Work instruction:
Copy out the lines of the listing from the one containing "this 1288×966 image." onward, through the last, without altering any.
★ ★ ★ ★ ★
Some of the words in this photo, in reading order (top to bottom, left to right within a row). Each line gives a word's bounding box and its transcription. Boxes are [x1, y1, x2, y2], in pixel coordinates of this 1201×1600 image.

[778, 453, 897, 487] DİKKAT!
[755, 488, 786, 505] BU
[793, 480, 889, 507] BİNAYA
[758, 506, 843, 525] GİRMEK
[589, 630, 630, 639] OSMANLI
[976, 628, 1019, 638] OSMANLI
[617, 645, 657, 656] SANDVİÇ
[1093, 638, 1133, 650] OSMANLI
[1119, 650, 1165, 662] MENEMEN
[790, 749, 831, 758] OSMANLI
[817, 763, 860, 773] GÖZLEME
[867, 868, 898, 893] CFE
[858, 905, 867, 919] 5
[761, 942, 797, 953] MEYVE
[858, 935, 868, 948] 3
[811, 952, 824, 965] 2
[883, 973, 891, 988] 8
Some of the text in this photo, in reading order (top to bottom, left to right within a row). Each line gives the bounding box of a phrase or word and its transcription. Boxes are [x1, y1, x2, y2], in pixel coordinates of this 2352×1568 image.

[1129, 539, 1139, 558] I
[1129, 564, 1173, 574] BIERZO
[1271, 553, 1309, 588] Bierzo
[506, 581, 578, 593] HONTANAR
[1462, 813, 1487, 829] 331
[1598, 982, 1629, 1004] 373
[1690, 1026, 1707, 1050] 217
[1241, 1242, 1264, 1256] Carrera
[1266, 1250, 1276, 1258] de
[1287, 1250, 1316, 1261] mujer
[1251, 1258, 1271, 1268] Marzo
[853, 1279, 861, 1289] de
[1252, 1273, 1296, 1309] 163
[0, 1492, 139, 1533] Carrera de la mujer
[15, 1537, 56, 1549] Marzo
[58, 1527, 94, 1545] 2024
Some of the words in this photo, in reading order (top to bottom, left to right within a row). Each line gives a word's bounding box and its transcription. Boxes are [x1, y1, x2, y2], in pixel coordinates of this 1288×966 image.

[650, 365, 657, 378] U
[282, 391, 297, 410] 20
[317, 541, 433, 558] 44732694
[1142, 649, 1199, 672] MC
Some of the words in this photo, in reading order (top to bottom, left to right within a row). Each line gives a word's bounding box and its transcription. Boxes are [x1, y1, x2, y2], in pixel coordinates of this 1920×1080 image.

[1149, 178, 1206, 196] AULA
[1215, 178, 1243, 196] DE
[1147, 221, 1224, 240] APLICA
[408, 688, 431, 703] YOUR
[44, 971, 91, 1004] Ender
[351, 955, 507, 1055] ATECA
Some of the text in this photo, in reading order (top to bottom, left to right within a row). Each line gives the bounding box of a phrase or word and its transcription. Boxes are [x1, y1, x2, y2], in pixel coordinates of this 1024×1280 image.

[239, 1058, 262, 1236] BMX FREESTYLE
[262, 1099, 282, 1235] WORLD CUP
★ ★ ★ ★ ★
Answer below:
Some of the words in this photo, in reading order (top to bottom, left to right within a row). Each line gives a word's bounding box and its transcription. Boxes are [x1, y1, x2, y2], in pixel coordinates of this 1288×966 image.

[650, 365, 657, 378] U
[282, 391, 297, 410] 20
[317, 541, 433, 558] 44732694
[1142, 649, 1199, 672] MC
Some of the words in this photo, in reading order (top to bottom, left to right within a row). Each line gives a word's bounding box and its transcription. Boxes are [x1, y1, x2, y2], in pixel coordinates of this 1920×1080 image.

[1149, 178, 1206, 196] AULA
[1215, 178, 1243, 196] DE
[1147, 221, 1224, 240] APLICA
[408, 688, 431, 703] YOUR
[44, 971, 91, 1004] Ender
[351, 955, 507, 1055] ATECA
Some of the text in this photo, in reading order (top to bottom, left to right within a row). Each line gives the bounding box of a phrase or word and its transcription. Boxes are [x1, y1, x2, y2], in pixel coordinates of this 1024×1280 image.

[239, 1058, 262, 1236] BMX FREESTYLE
[262, 1099, 282, 1235] WORLD CUP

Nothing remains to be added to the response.